Containers, namespaces, and kernel CVEs

• Strong disagreement over whether containers are valid security boundaries:
  • Skeptical view: shared kernel = assume escape; kernel CVE count is huge.
  • Pragmatic view: containers work “well enough” in practice; Android uses shared-kernel isolation heavily (plus SELinux).
• Namespaces and user-namespaces have been major LPE sources; some distros now restrict unprivileged access, breaking tools.
• Micro-VM approaches (e.g., kata-style) are mentioned as a stronger isolation layer but with performance and maturity caveats.
• Caveat on CVE counts: Linux kernel intentionally over-assigns CVEs for anything possibly exploitable, so raw numbers overstate practical risk.

PAM, polkit, and configuration pitfalls

• The exploit chain hinges on:
  • PAM’s pam_env / user_readenv behavior and distro-specific PAM configs.
  • polkit “allow_active” rules (privileges granted to the currently active logged-in user, e.g., for mounting devices).
• Key lesson emphasized: obscure, custom auth/config mechanisms (rather than plain, inspectable config) can hide policy bugs for years.

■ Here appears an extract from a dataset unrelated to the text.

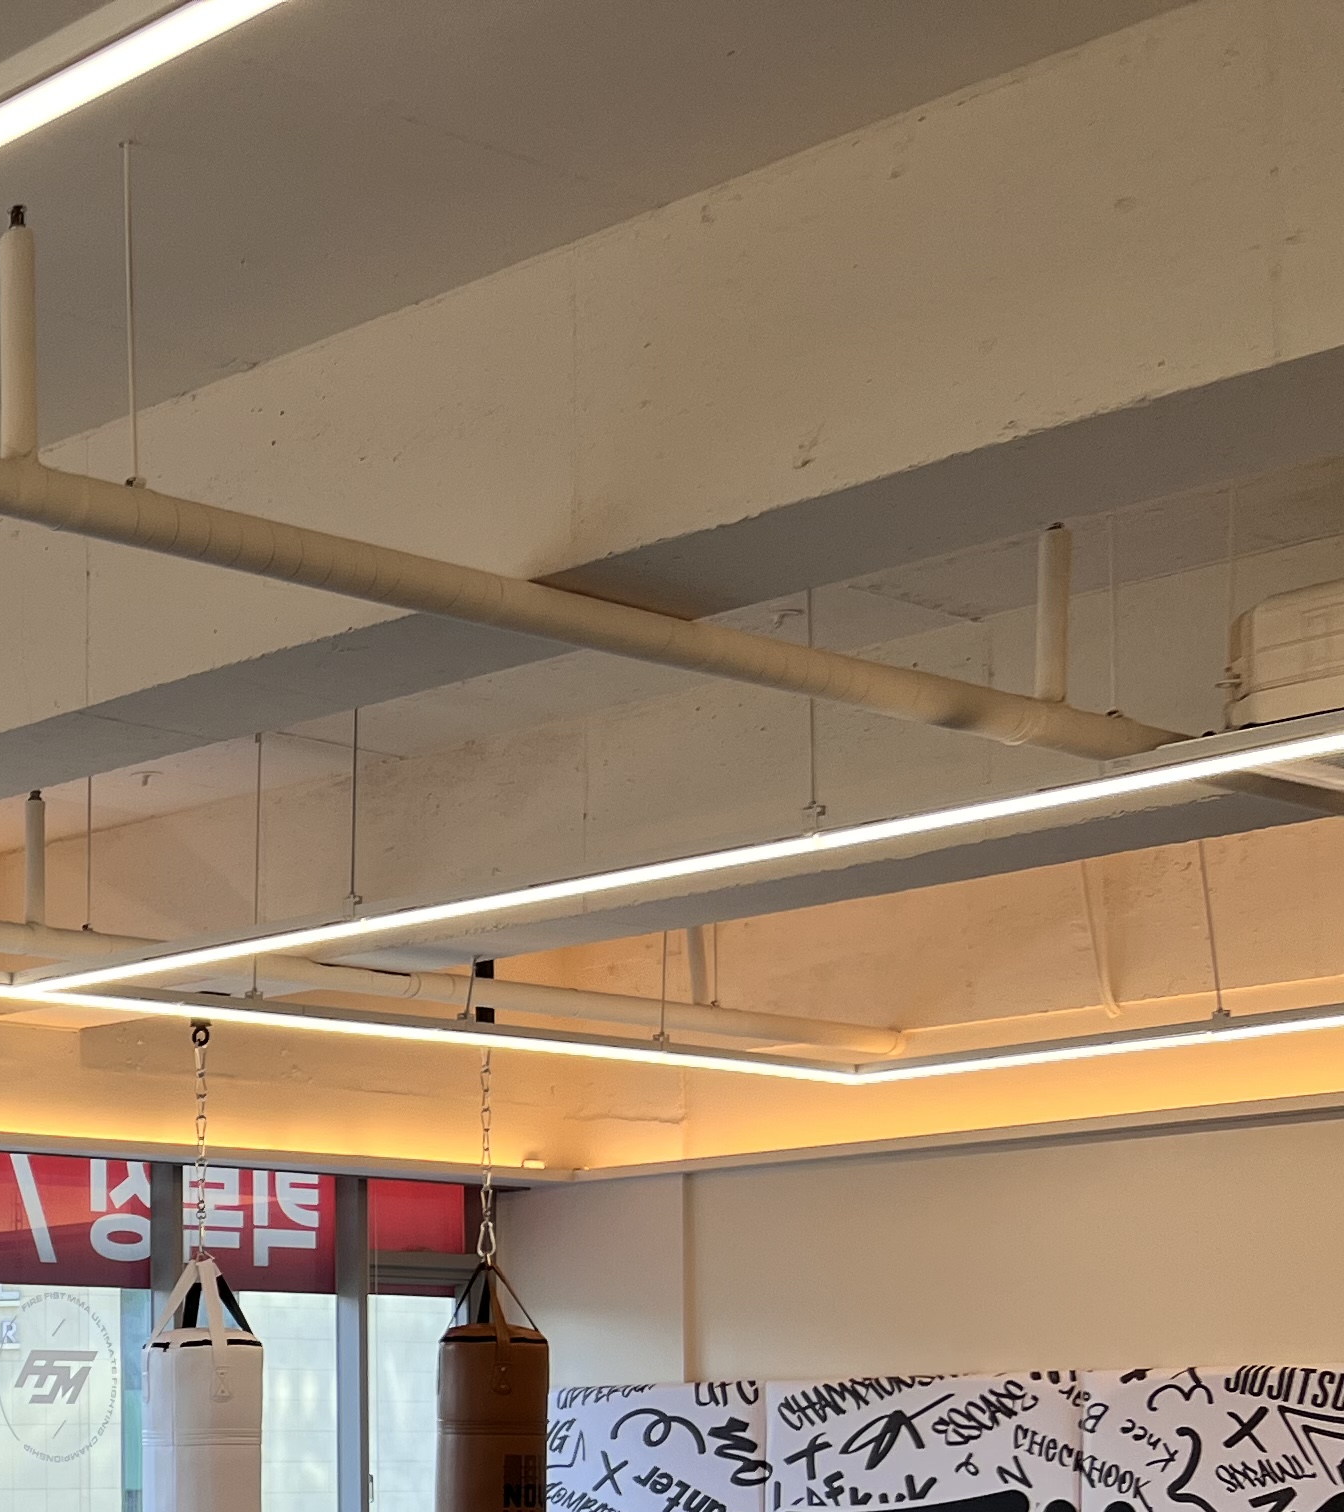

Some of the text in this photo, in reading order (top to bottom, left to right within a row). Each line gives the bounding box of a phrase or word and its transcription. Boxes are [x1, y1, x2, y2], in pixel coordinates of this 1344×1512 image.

[21, 1292, 118, 1463] FIRE FIST MMA ULTIMATE FIGHTING CHAMPIONSHIP
[1215, 1454, 1317, 1493] SPRAWL
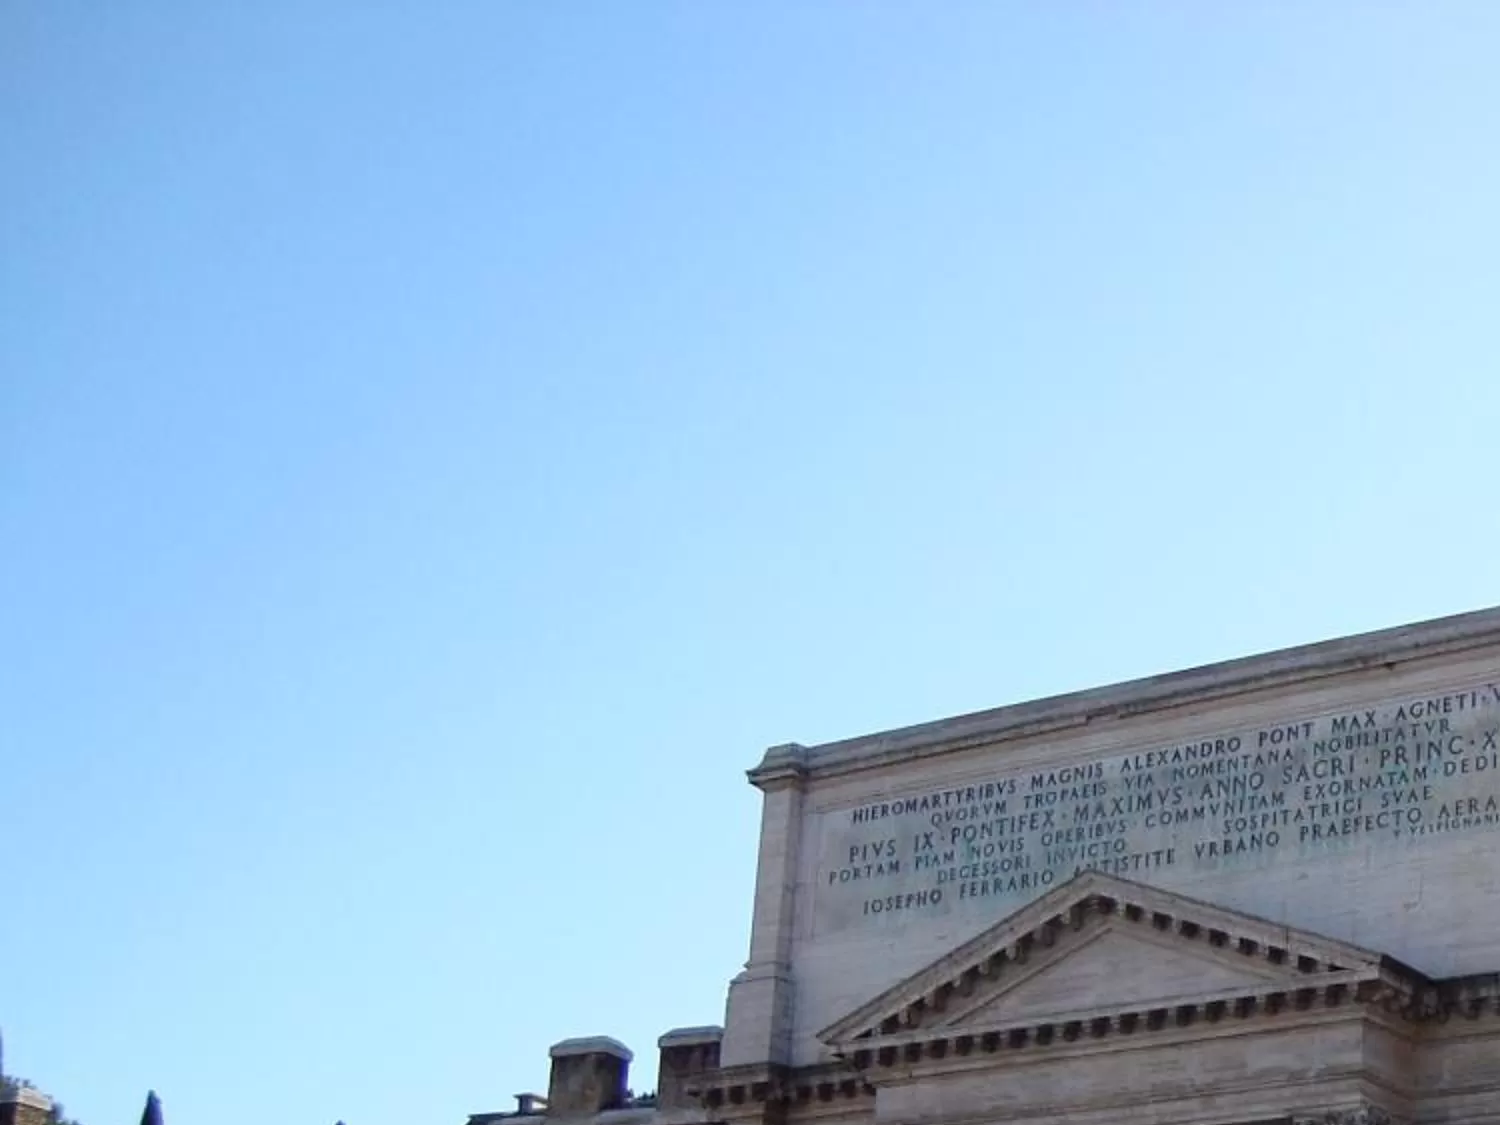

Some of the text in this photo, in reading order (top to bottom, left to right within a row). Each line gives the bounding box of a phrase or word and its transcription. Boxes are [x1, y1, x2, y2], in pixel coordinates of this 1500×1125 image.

System complexity and “creeping” infrastructure

• Some lament the growth from simple 20-years-ago Unix desktops to today’s maze of daemons, buses, policy engines (systemd, PAM, polkit, udisks, etc.).
• View that enterprise-driven components and tight coupling expand the attack surface and fragility, versus older, simpler setups.
• Others counter that evolving requirements and software never being “done” make such growth inevitable.